▼

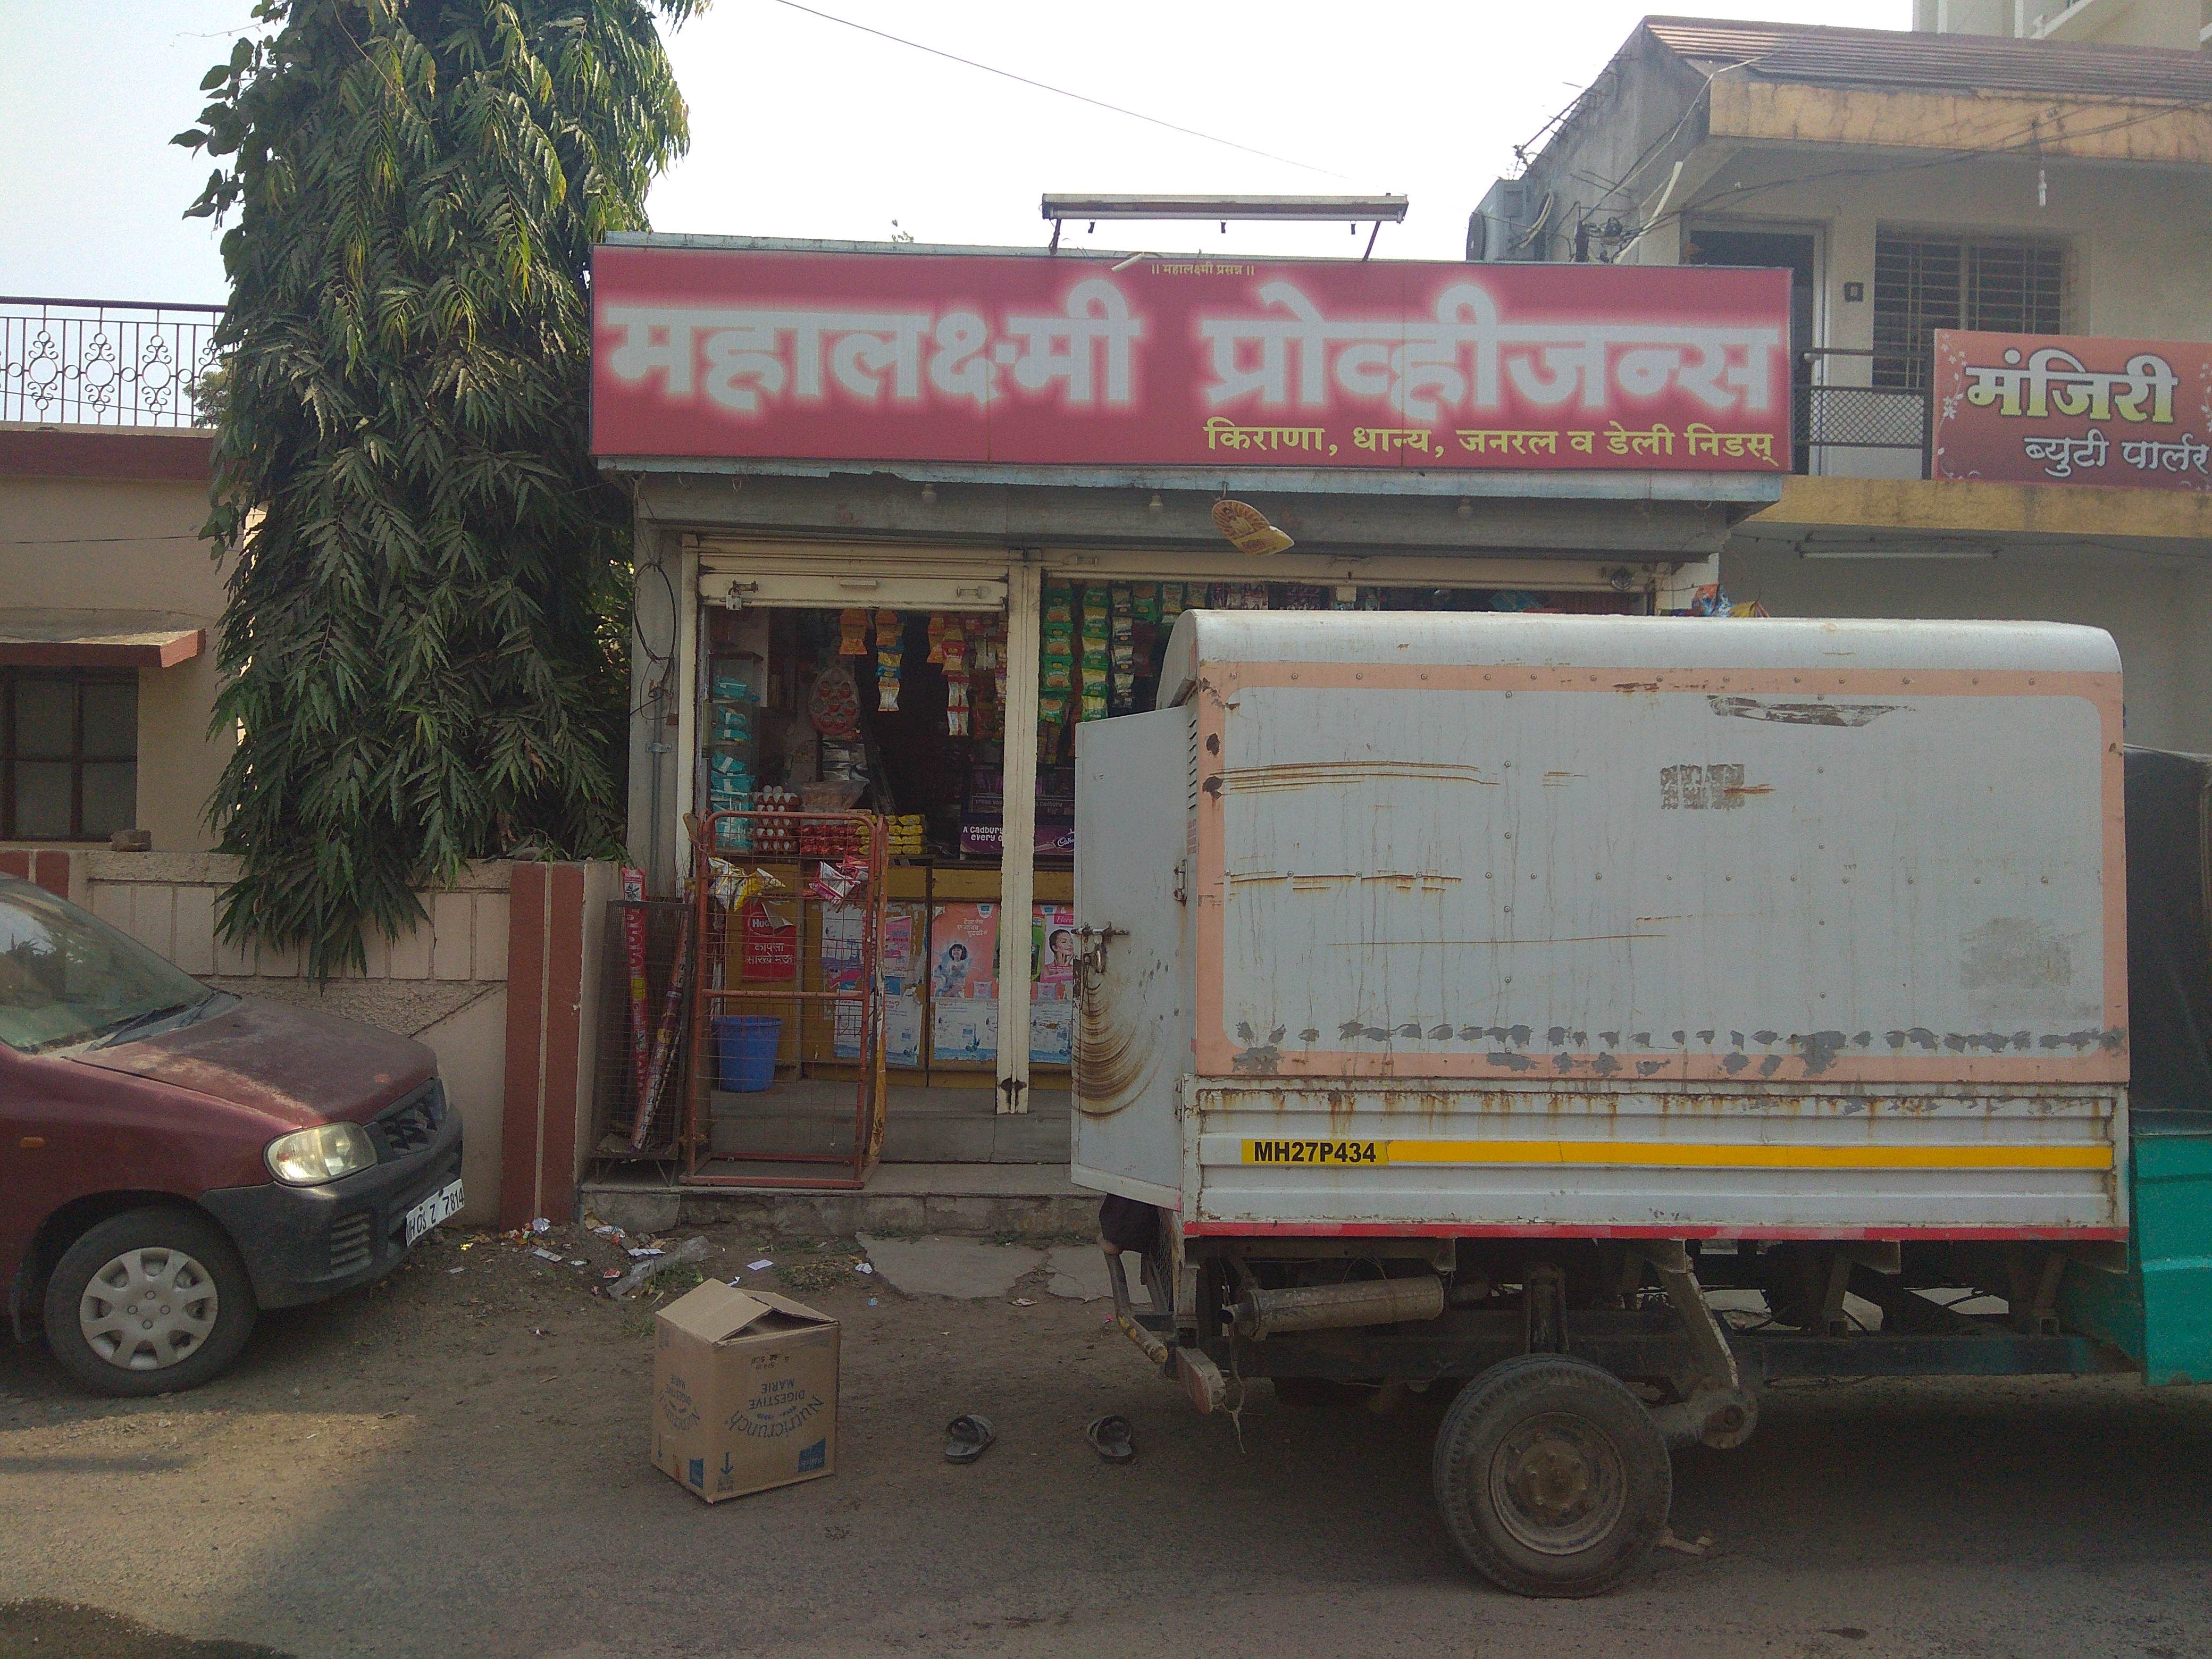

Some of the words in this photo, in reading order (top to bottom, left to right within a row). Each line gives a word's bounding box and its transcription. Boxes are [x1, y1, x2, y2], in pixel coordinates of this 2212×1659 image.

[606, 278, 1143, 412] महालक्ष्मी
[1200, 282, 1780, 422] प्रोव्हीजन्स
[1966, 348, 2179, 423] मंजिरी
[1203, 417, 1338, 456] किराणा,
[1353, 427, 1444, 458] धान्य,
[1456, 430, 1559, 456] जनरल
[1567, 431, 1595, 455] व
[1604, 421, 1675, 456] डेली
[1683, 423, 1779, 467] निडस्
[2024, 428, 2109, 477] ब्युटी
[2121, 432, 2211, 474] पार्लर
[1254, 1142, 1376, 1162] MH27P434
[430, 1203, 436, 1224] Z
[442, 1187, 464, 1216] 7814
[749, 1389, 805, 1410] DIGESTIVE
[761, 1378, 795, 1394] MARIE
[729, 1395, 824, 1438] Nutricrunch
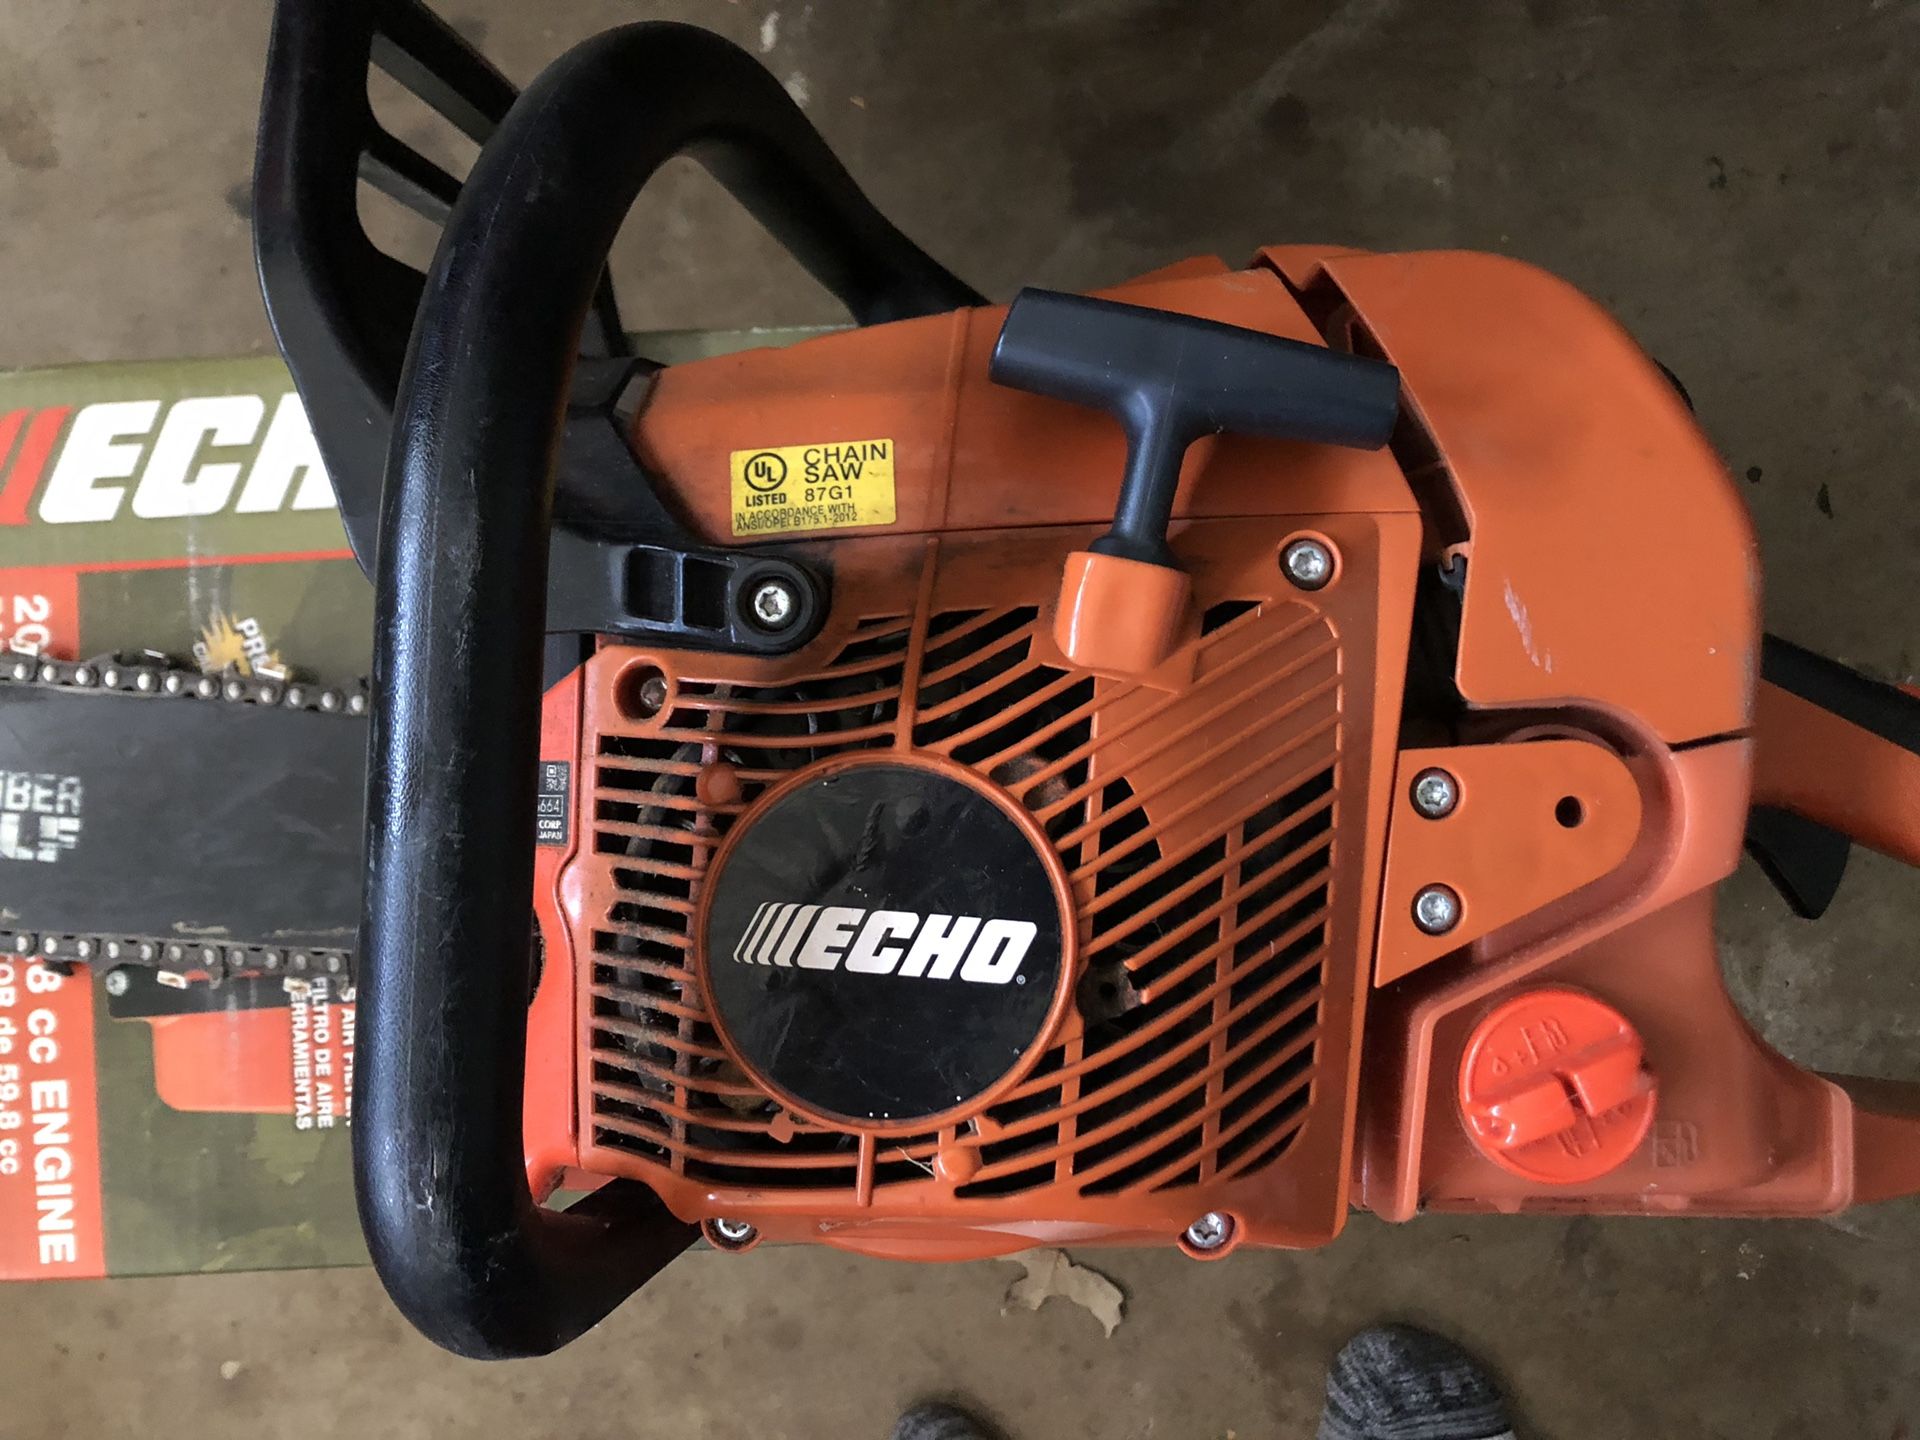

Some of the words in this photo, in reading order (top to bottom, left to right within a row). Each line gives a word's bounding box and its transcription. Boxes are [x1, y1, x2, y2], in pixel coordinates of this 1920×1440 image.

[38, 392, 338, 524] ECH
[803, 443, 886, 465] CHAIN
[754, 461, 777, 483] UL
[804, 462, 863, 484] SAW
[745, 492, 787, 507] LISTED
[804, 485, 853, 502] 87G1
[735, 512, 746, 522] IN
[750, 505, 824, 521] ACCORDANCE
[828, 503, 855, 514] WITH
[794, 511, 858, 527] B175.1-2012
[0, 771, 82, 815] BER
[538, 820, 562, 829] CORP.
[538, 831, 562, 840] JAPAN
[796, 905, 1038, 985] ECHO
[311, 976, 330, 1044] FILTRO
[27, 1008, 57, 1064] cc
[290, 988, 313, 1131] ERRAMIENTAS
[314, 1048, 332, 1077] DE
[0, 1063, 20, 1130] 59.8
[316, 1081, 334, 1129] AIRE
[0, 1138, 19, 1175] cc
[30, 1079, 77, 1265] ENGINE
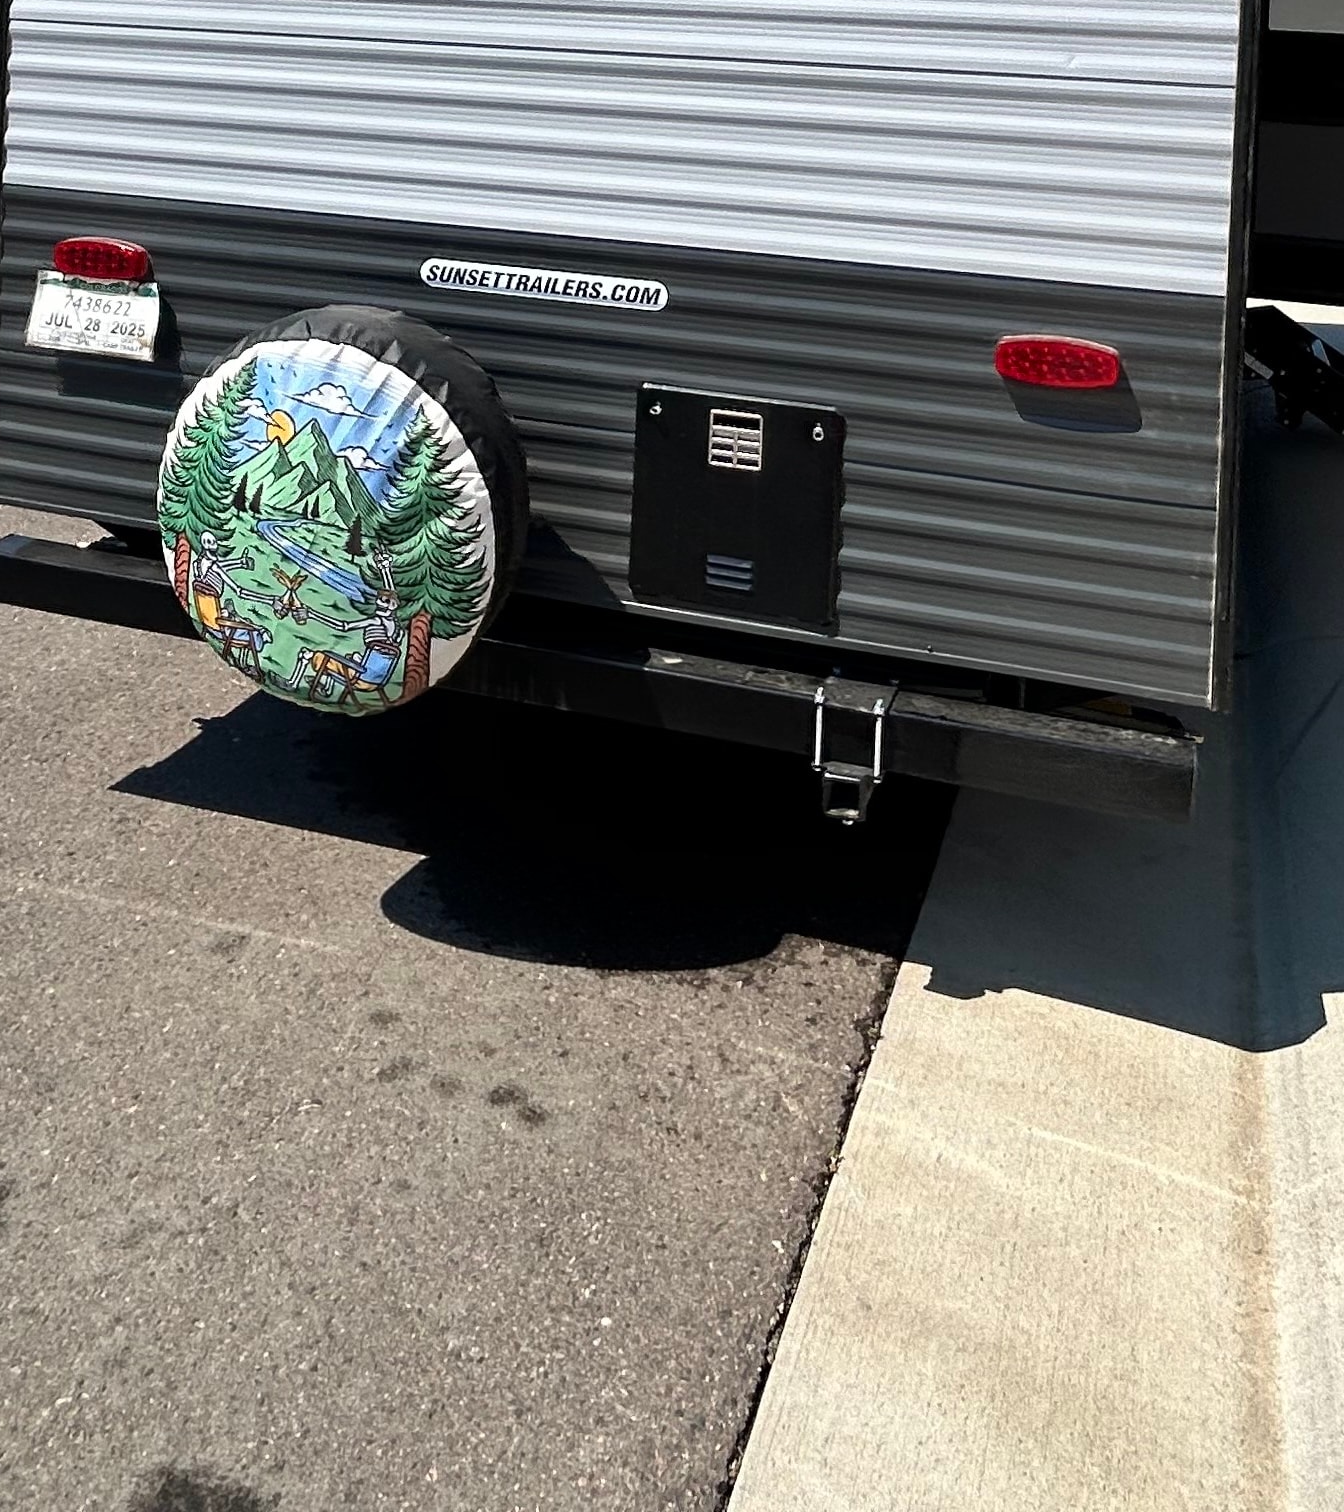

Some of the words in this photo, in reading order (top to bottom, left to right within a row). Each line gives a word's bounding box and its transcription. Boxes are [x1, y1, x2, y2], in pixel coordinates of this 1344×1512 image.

▲

**TASK PROMPT**
A verbatim copy of the material, pictures excluded, is what must be produced.

**SOLUTION FOR THIS PROBLEM**
Some of the words in this photo, in reading order (top to bottom, left to right within a row). Each line gives a word's bounding box and its transcription. Boxes are [x1, y1, x2, y2], in pixel coordinates of this 2212×1659 image.

[606, 278, 1143, 412] महालक्ष्मी
[1200, 282, 1780, 422] प्रोव्हीजन्स
[1966, 348, 2179, 423] मंजिरी
[1203, 417, 1338, 456] किराणा,
[1353, 427, 1444, 458] धान्य,
[1456, 430, 1559, 456] जनरल
[1567, 431, 1595, 455] व
[1604, 421, 1675, 456] डेली
[1683, 423, 1779, 467] निडस्
[2024, 428, 2109, 477] ब्युटी
[2121, 432, 2211, 474] पार्लर
[1254, 1142, 1376, 1162] MH27P434
[430, 1203, 436, 1224] Z
[442, 1187, 464, 1216] 7814
[749, 1389, 805, 1410] DIGESTIVE
[761, 1378, 795, 1394] MARIE
[729, 1395, 824, 1438] Nutricrunch

Some of the words in this photo, in reading order (top to bottom, left to right within a row). Each line gives a word's bounding box and its transcription. Boxes are [x1, y1, x2, y2], in pixel coordinates of this 1920×1440 image.

[38, 392, 338, 524] ECH
[803, 443, 886, 465] CHAIN
[754, 461, 777, 483] UL
[804, 462, 863, 484] SAW
[745, 492, 787, 507] LISTED
[804, 485, 853, 502] 87G1
[735, 512, 746, 522] IN
[750, 505, 824, 521] ACCORDANCE
[828, 503, 855, 514] WITH
[794, 511, 858, 527] B175.1-2012
[0, 771, 82, 815] BER
[538, 820, 562, 829] CORP.
[538, 831, 562, 840] JAPAN
[796, 905, 1038, 985] ECHO
[311, 976, 330, 1044] FILTRO
[27, 1008, 57, 1064] cc
[290, 988, 313, 1131] ERRAMIENTAS
[314, 1048, 332, 1077] DE
[0, 1063, 20, 1130] 59.8
[316, 1081, 334, 1129] AIRE
[0, 1138, 19, 1175] cc
[30, 1079, 77, 1265] ENGINE

Some of the words in this photo, in reading order (top to bottom, left to right within a row). Each line gives a word's bounding box and its transcription. Boxes are [x1, y1, x2, y2], in pixel coordinates of this 1344×1512 image.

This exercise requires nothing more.